Last Updated: 15 July 2013

LCRO 237/2012

CONCERNING an application for review pursuant to section 193 of the Lawyers and Conveyancers Act 2006 (the Act)


AND

CONCERNING a determination of [A North

Island] Standards Committee

BETWEEN MR XH

Applicant

AND MR BB

Respondent


DECISION

[1] An application was made by Mr XH (the Applicant) for review of the decision of a Standards Committee which declined to uphold complaints he made against Mr BB (the Practitioner). The Committee’s decision of 28 August 2012 determined to take no further action pursuant to s 138(2) of the Lawyers and Conveyancers Act 2006 (the Act).

[2] The Applicant sought a review of the Committee’s decision. The parties were invited to consent to the review being conducted on the papers in accordance with s

206 of the Act. The parties have consented to this process, which allows a Legal Complaints Review Officer (LCRO) to conduct the review on the basis of all the information available if the LCRO considers that the review can be adequately determined in the absence of the parties.

Background

[3] The marriage between the Applicant and Ms S ended after [less than a year], and they separated [in 2012]. The Practitioner acted for Ms S in the negotiation of a Separation Agreement and related matters.

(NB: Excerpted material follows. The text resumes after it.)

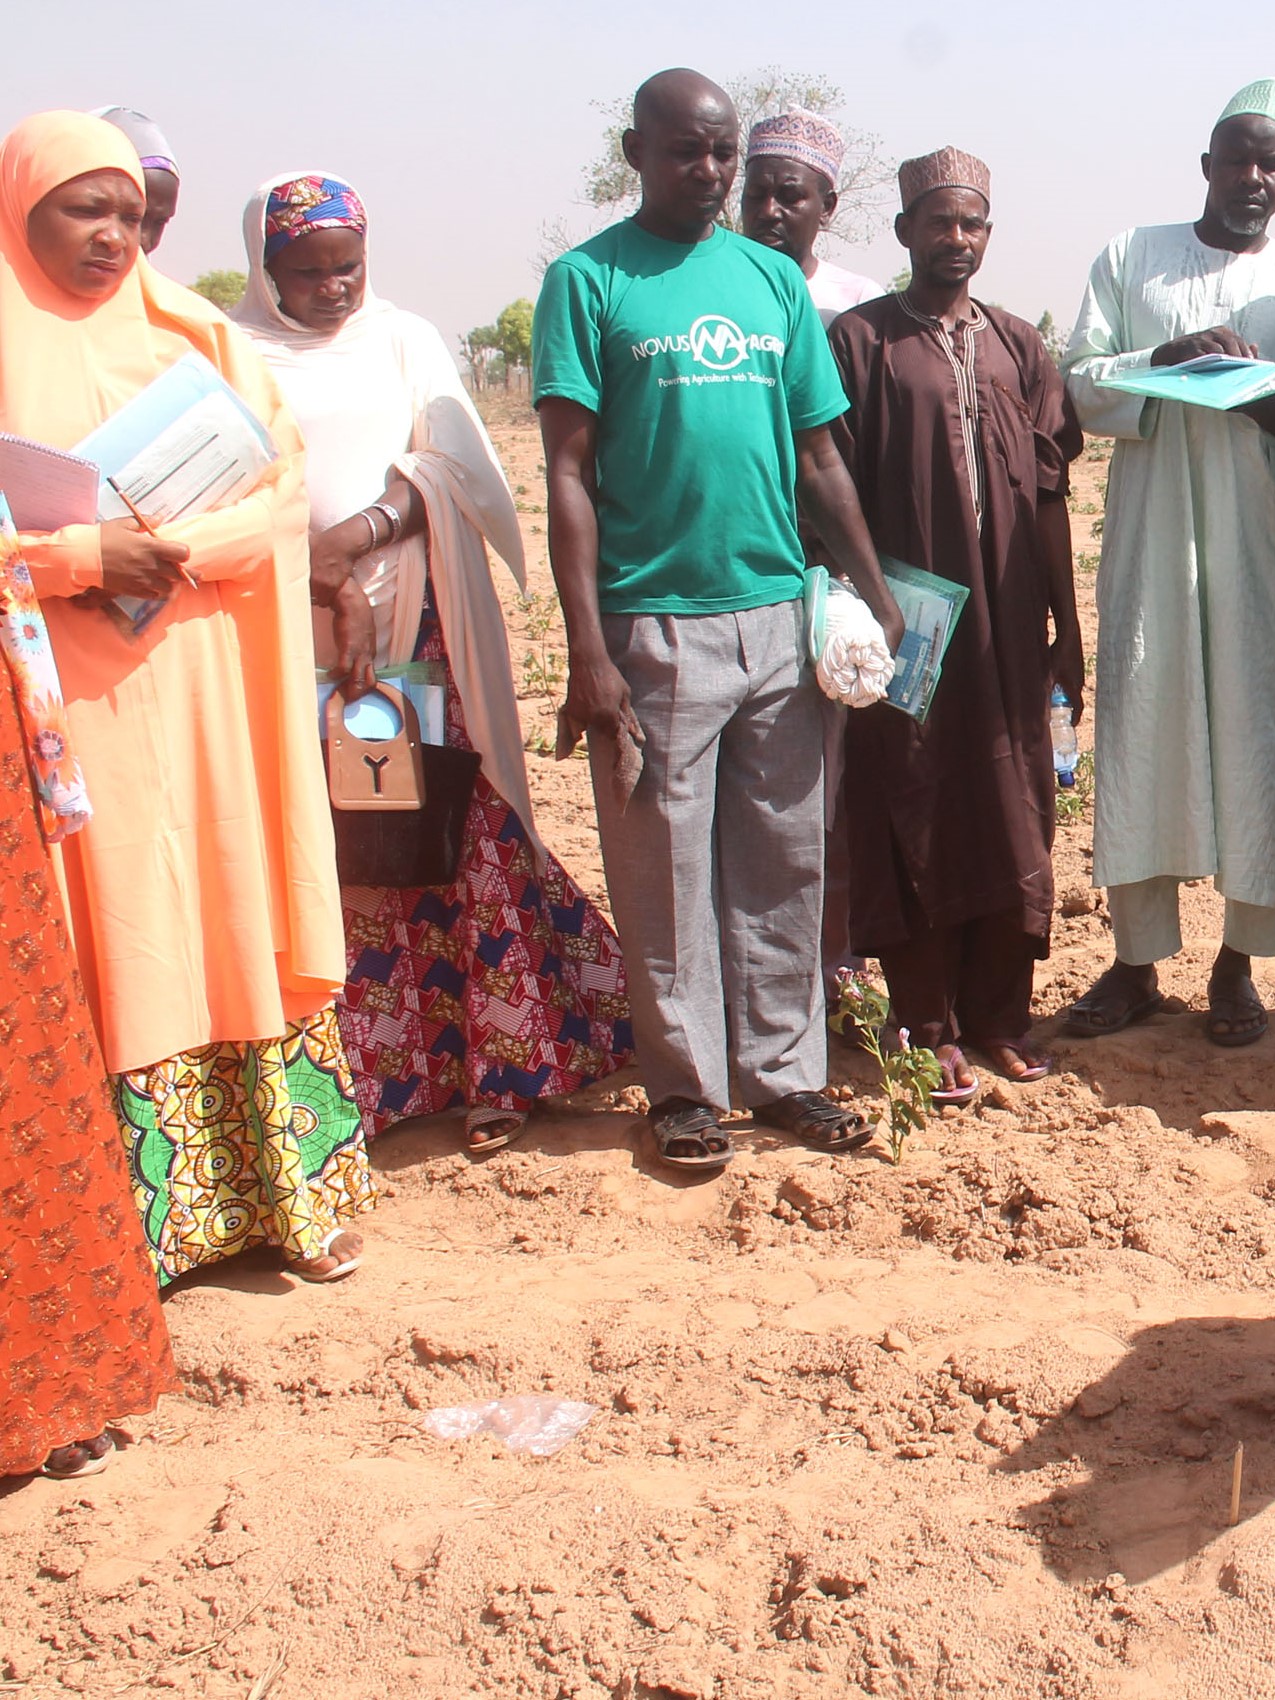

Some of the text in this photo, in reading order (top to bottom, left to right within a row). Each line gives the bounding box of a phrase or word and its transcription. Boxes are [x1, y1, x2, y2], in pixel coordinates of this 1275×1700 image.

The Applicant was self-represented.

[4] On 27 March 2012 the Practitioner sent a letter to the Applicant to say that he had been instructed by Ms S. The letter informed the Applicant that Ms S wished “to

resolve this matter amicably” and, with reference to financial and other information, put forward a number of proposals (mostly of a financial nature) “on a strictly without prejudice basis.”1 The Applicant was invited to confirm (in writing) his acceptance of the proposals, upon which the Practitioner would then prepare a Separation Agreement to record the agreement reached between them.

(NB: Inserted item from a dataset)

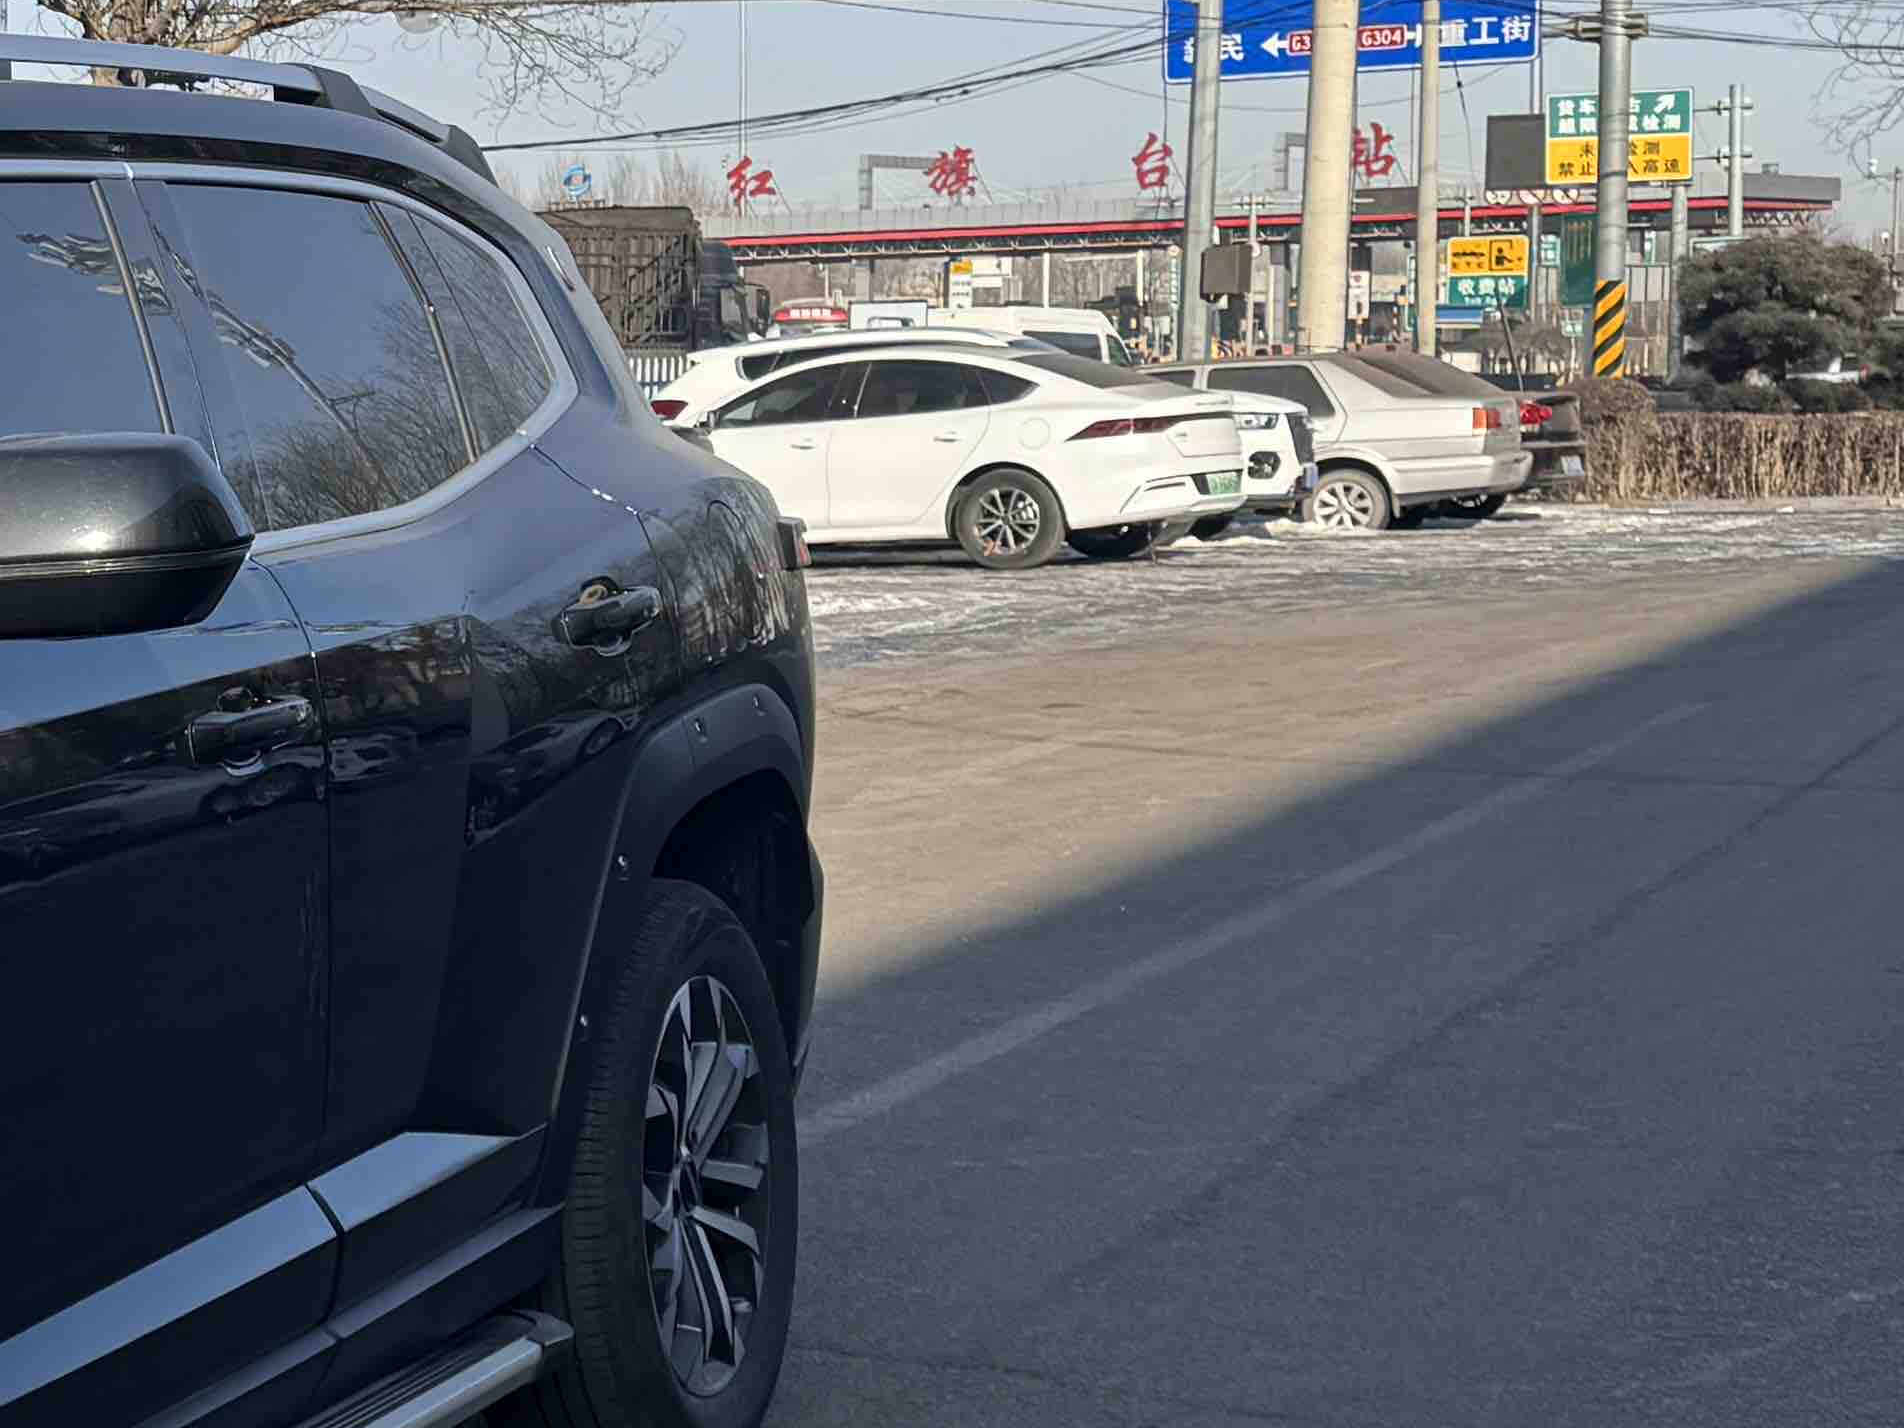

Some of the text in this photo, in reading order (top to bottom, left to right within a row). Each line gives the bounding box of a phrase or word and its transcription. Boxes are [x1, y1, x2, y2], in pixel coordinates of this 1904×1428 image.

[1361, 29, 1402, 46] G304
[1439, 16, 1531, 47] 重工街

[5] The same letter also made reference to the Applicant having sent “unpleasant

text messages ...” to Ms S and having made “... serious unfounded allegations on her.”2

The Practitioner informed the Applicant that Ms S had instructed him to apply for a restraining order if the Applicant continued to send texts of any kind to her.

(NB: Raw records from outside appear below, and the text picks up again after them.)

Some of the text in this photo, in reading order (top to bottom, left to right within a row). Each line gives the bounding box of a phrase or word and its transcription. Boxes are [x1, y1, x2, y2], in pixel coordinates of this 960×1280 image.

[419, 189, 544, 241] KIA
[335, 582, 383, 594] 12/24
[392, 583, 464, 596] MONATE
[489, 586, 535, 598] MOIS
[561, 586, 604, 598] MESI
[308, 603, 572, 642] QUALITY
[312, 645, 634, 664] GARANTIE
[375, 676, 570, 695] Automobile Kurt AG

[6] The Practitioner also sent a copy of this letter to the Applicant’s father.

Complaints

[7] Arising from this background, the Applicant raised two main complaints with the New Zealand Law Society. The first alleged that the Practitioner had breached the privacy of the Applicant in disclosing certain information to the Applicant’s father. He referred to the copy letter sent to his father which contained a number of personal matters, contending that the particulars of financial dealings between him and his wife amounted to a breach of the Applicant’s privacy. The Applicant explained that his father had not been aware of the financial dealings between the couple and was “very disturbed to read of what had been going on between [Ms S] and me. My father was and has continued to be very upset with me.”3

[8] The second complaint concerned the threat of a restraining order. The Applicant wrote that the Practitioner “threatened me with a restraining order if I were to text his client, yet he sent me and continued to send me copies of e-mails from his client to him and copies of e-mails from other person/s to him”.4

[9] The Applicant advised the Standards Committee that he had informed the Practitioner of his concerns and had been told that the Practitioner was following the client’s instructions.

[10] The Applicant indicated (to the Standards Committee) a willingness to enter into negotiation, mediation or conciliation as a way to resolve his complaint, but also sought, as an outcome, that the Practitioner should be severely reprimanded for the irreparable damage he had caused.

1 Letter from Practitioner to Applicant dated 27 March 2012 at para [4].

2 Above n1.

3 Complaint to NZLS dated 30 April 2012.

4 Above n 3 at para [E].

Practitioner’s response

[11] In reply to the complaints the Practitioner explained that Ms S had provided details of circumstances both during, and immediately after the couple had separated including that:5

as is customary in Fiji Indian families, the respective parents get involved in disputes between the spouses as it allows and facilitates disputes of such matters to be resolved in an amicable, objective and a civil manner.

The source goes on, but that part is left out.